Tree removal is a big job. If you live in an Ontario town or city, it also involves some crucial paperwork. Like most serious work on your property, tree removal typically requires obtaining a permit from your municipality. If you remove, injure, or destroy a tree without proper legal permission, you can face serious fines. Here’s everything you need to know about why, when, what you need to apply for tree removal permits, as well as what to do when you have an emergency with a tree.
Why do you need tree removal permits?
Trees are an important part of your property as well as a community. They keep an area beautiful, provide homes for wildlife, improve soil and water conservation, and remove air pollution. Their canopies provide shade, which helps regulate temperatures in an area by preventing the sun’s hot rays from reaching the heat-retaining asphalt, concrete, and metal of urban environments. That shade keeps the outdoors more enjoyable and reduces energy costs, while also keeping things bright and reducing serious health risks from high temperatures. Trees also grow slowly, and large ones are difficult to transplant. This makes replacement costly in time and money. As a result of all of this, most communities now have bylaws that protect large trees from unnecessary removal.
When do you need to apply for a tree removal permit?
The specifics of tree removal, tree injury, or tree destruction permits differ according to the specific bylaws of each community. If you live in Toronto and the GTA, Aurora, Markham, Newmarket, Richmond Hill, or Vaughan, be sure to check out our specific pages for obtaining permits there. Overall, there are some general commonalities about when you need to apply for a permit. Typically, smaller trees can be removed freely without the need for a permit. However, once a tree becomes established and has a certain diameter, a permit is necessary. This is often about 20cm at 1.4m above ground, but for the GTA it is significantly larger at 30cm. (Check your local bylaws!).
Permit to Injure a Tree
In most communities you don’t just need a permit for tree removal but also for what is often called “tree injury.” To injure a tree usually refers to extensive damage to a tree which could cause death. However, many communities also define extensive pruning, (e.g. 30% of the canopy) as “tree injury.” Regular pruning is often less intensive, and such injury is often to remove major branches that might be hazardous to nearby property or structures. Thus, when planning for such extensive pruning ask your community or a certified arborist whether you will need a permit.
What You Need for a Tree Removal Permit
When you determine you need a tree removal or injury permit, you will need a few things for the permit application. First is the application form itself. Go to your local municipality website to find this. Some offer online forms and submission, while others require the form to be emailed or even submitted in-person. These applications typically include a fee and require information about your tree and property along with the reason for its removal.
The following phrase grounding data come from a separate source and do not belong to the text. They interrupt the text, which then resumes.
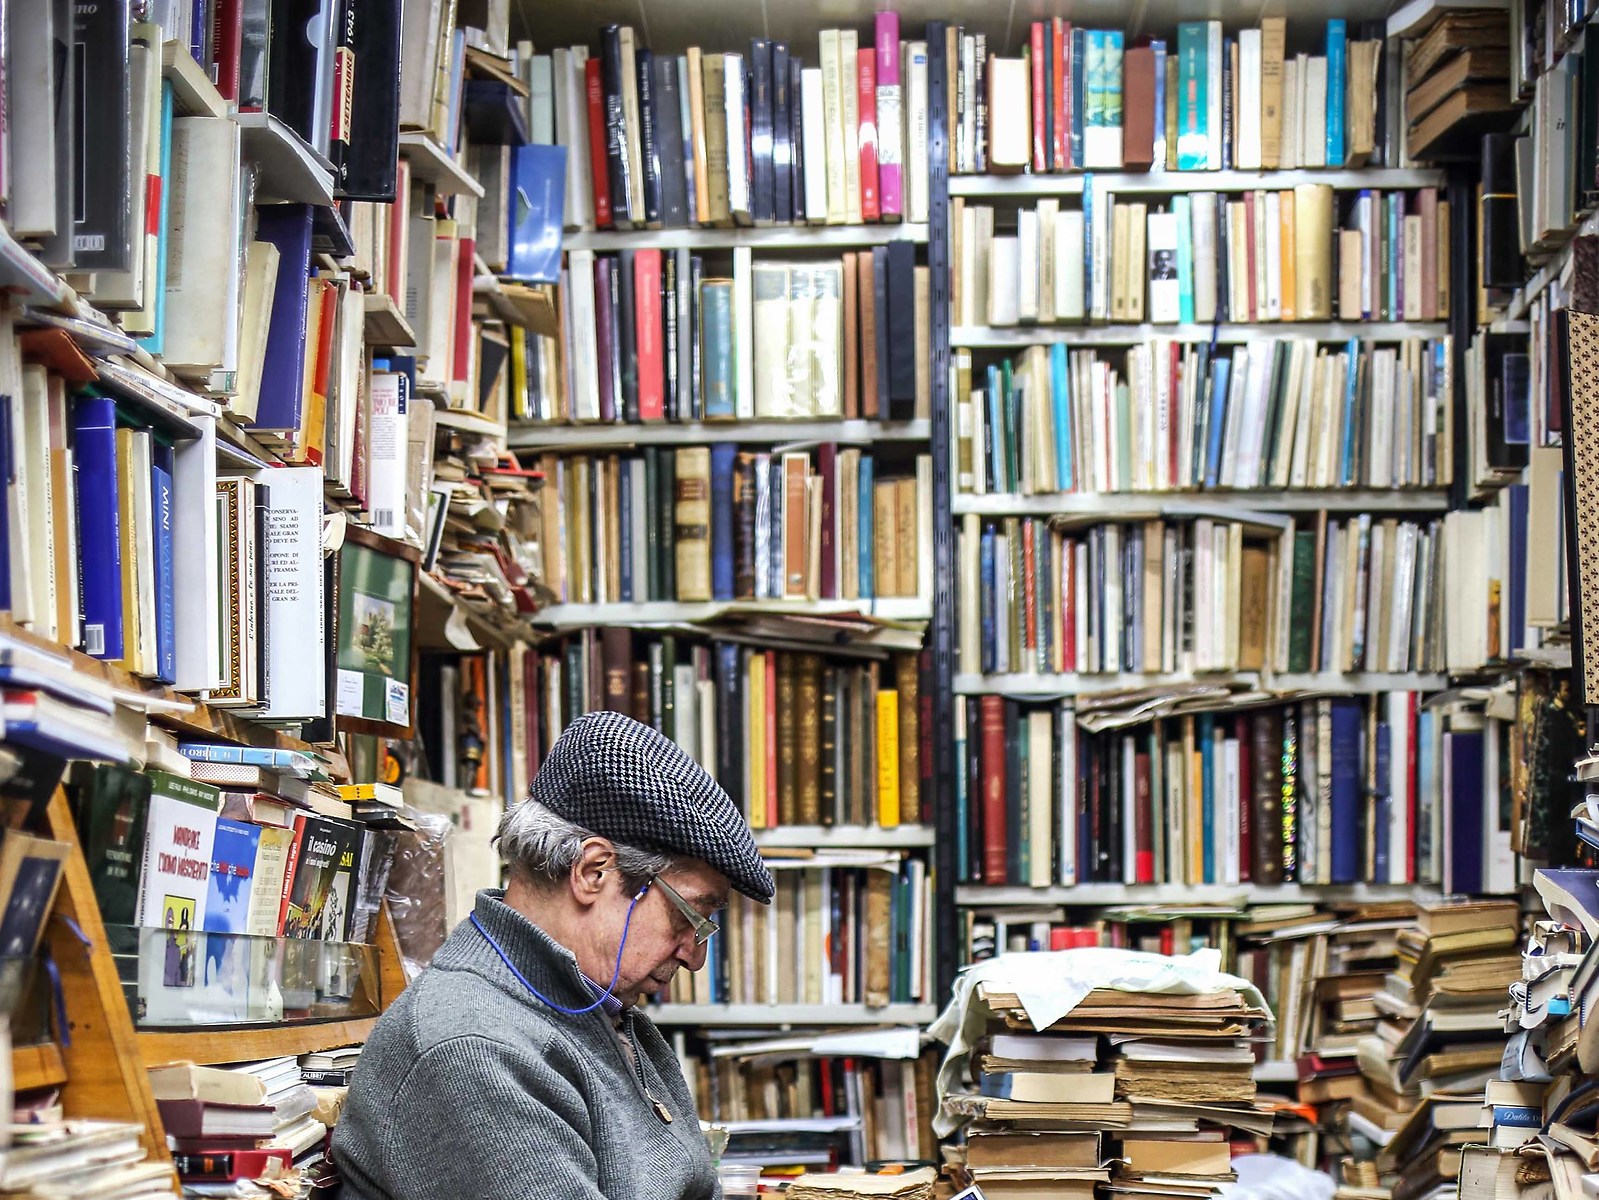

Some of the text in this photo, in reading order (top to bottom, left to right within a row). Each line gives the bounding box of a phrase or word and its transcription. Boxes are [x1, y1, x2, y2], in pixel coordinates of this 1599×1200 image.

[347, 10, 355, 44] 1943
[344, 52, 353, 127] SETTEMBRE
[162, 486, 170, 530] MINI
[188, 748, 217, 760] LIBRO
[307, 835, 338, 857] il casinò
[1503, 1111, 1530, 1122] Dalila
If for construction, the city or town might also ask for building and grading plans. One thing most communities will require as part of an application is a certified arborist’s report about the tree. Some communities require this in every application, while others will specify the report is needed for hazard trees. In either case, these reports provide the community with professional information about the tree, what its removal will entail, and, in the case of a hazard tree, how it is hazardous. These reports must be completed by an ISA certified arborist like those at Advanced Tree Care.
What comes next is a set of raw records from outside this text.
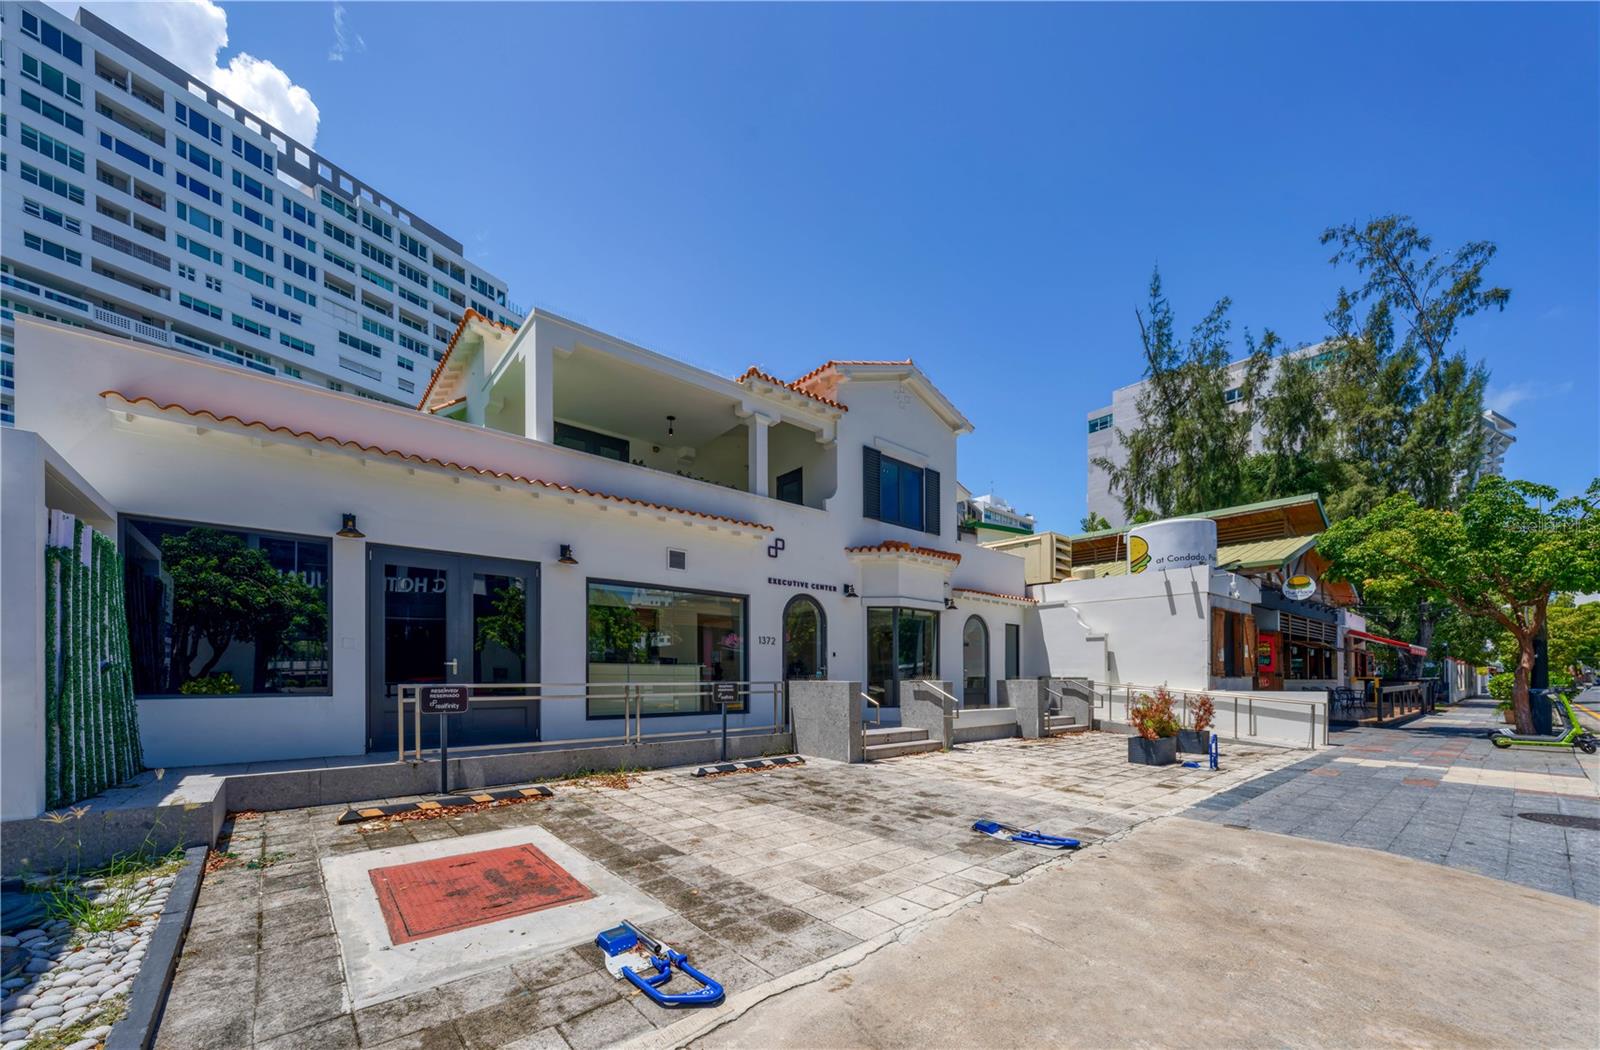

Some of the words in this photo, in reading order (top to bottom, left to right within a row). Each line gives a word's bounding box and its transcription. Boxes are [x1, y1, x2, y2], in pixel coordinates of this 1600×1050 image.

[1156, 556, 1164, 564] at
[1166, 553, 1207, 563] Condado,
[767, 577, 809, 589] EXECUTIVE
[810, 583, 838, 592] CENTER
[758, 635, 776, 646] 1372
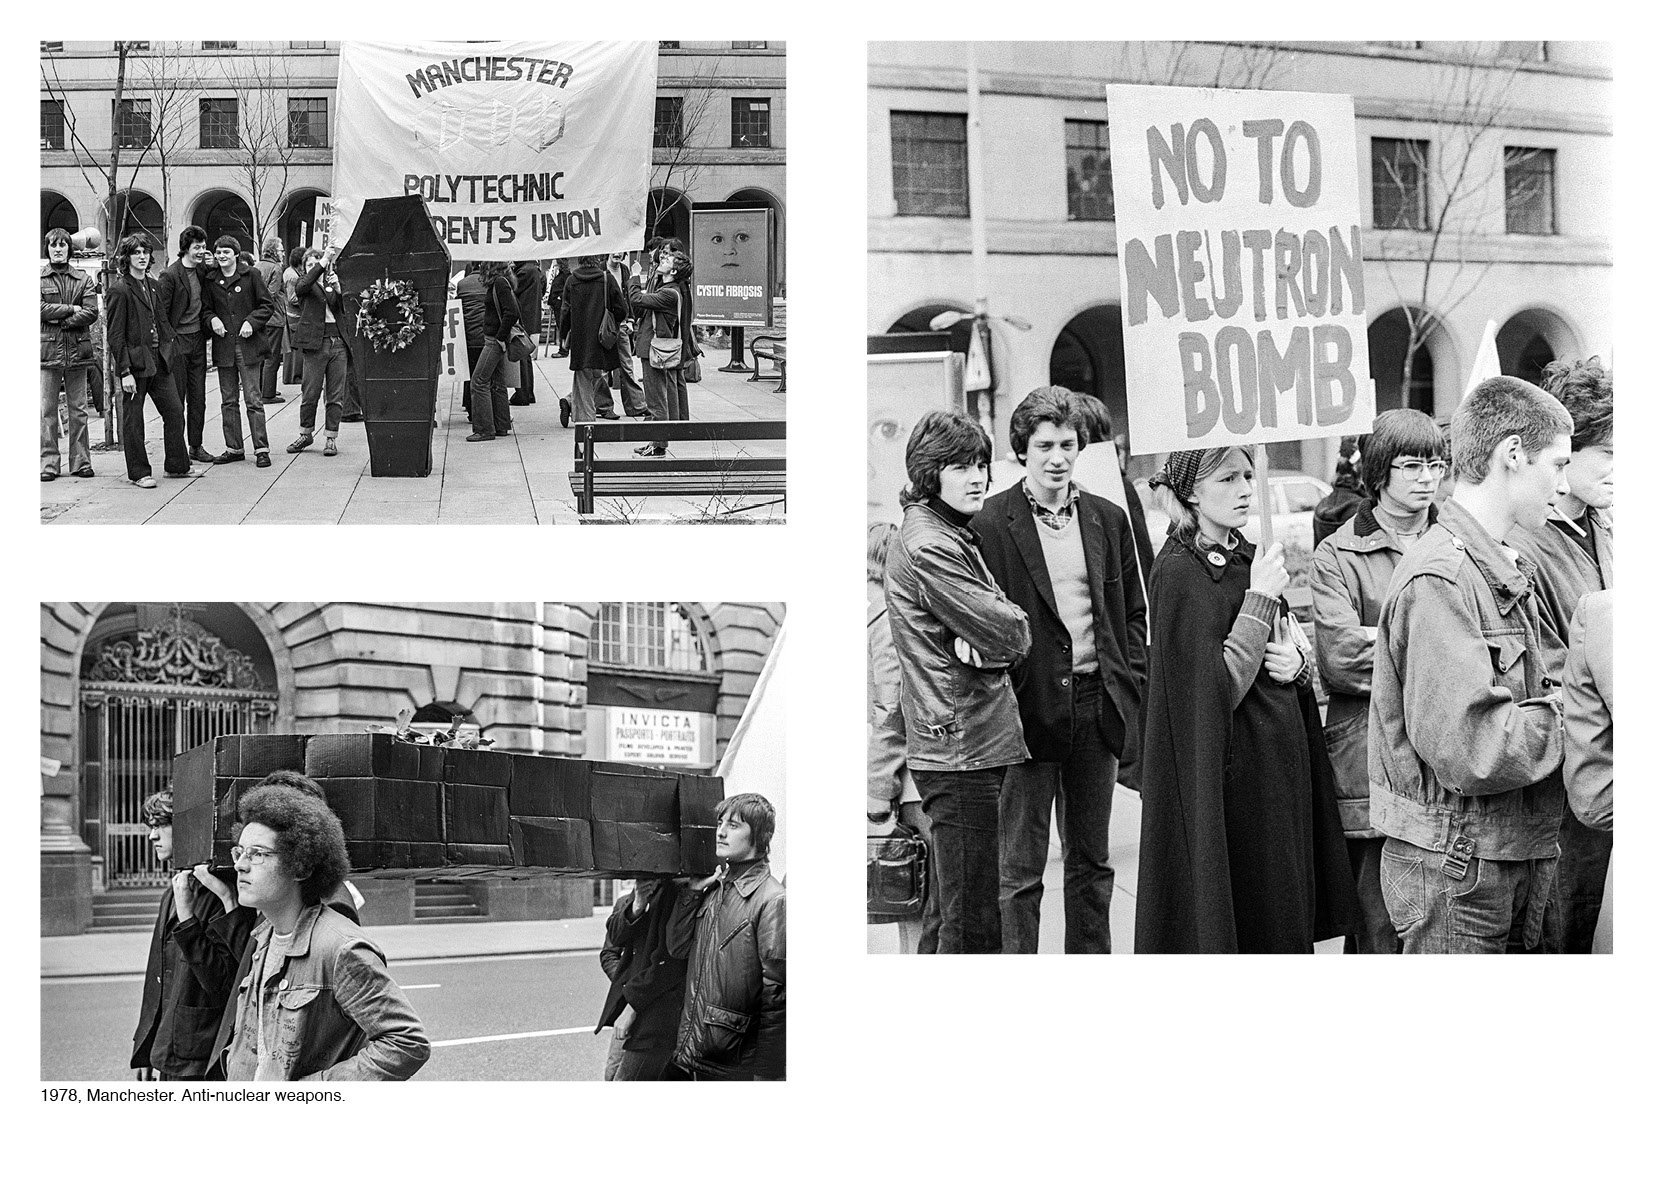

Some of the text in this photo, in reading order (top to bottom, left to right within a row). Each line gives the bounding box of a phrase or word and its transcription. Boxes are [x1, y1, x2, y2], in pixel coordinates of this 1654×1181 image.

You Don’t Need a Permit for Emergency Removals
An important exception for when you don’t need a tree removal permit is emergency trees. An emergency tree is not a tree that may fail. An emergency tree is a tree which has or will imminently fail and requires immediately sending a crew to make it safe. Applications for tree permits can take a month or longer to approve, and emergency trees aren’t going to sit around and wait for the proper paperwork. In these cases, call a certified arborist immediately to address the emergency. If the tree was one that would have required a permit for its removal or injury during a non-emergency, you will need to notify the city or town immediately afterward. Many communities specify 48 or 72 hours! They will often also want pictures of the emergency as well as an arborist report to justify the tree’s removal or injury. If you fail to notify the city or town, you may face similar fines as those for illegal tree removal.
Get Your Tree Permit
Tree removal is rarely a first option, but when there’s a hazard, a tree has died, or you’re starting a new construction project on your property, it becomes necessary. Trees are also precious to communities, so with tree removals and injury, it’s much better to ask for permission than forgiveness. If you want help determining whether you need a permit, applying for one, or getting a report from a certified arborist, contact us at Advanced Tree Care. We are happy to help you through all steps of the process. If you want some more details about the permit requirements in your community, read more here.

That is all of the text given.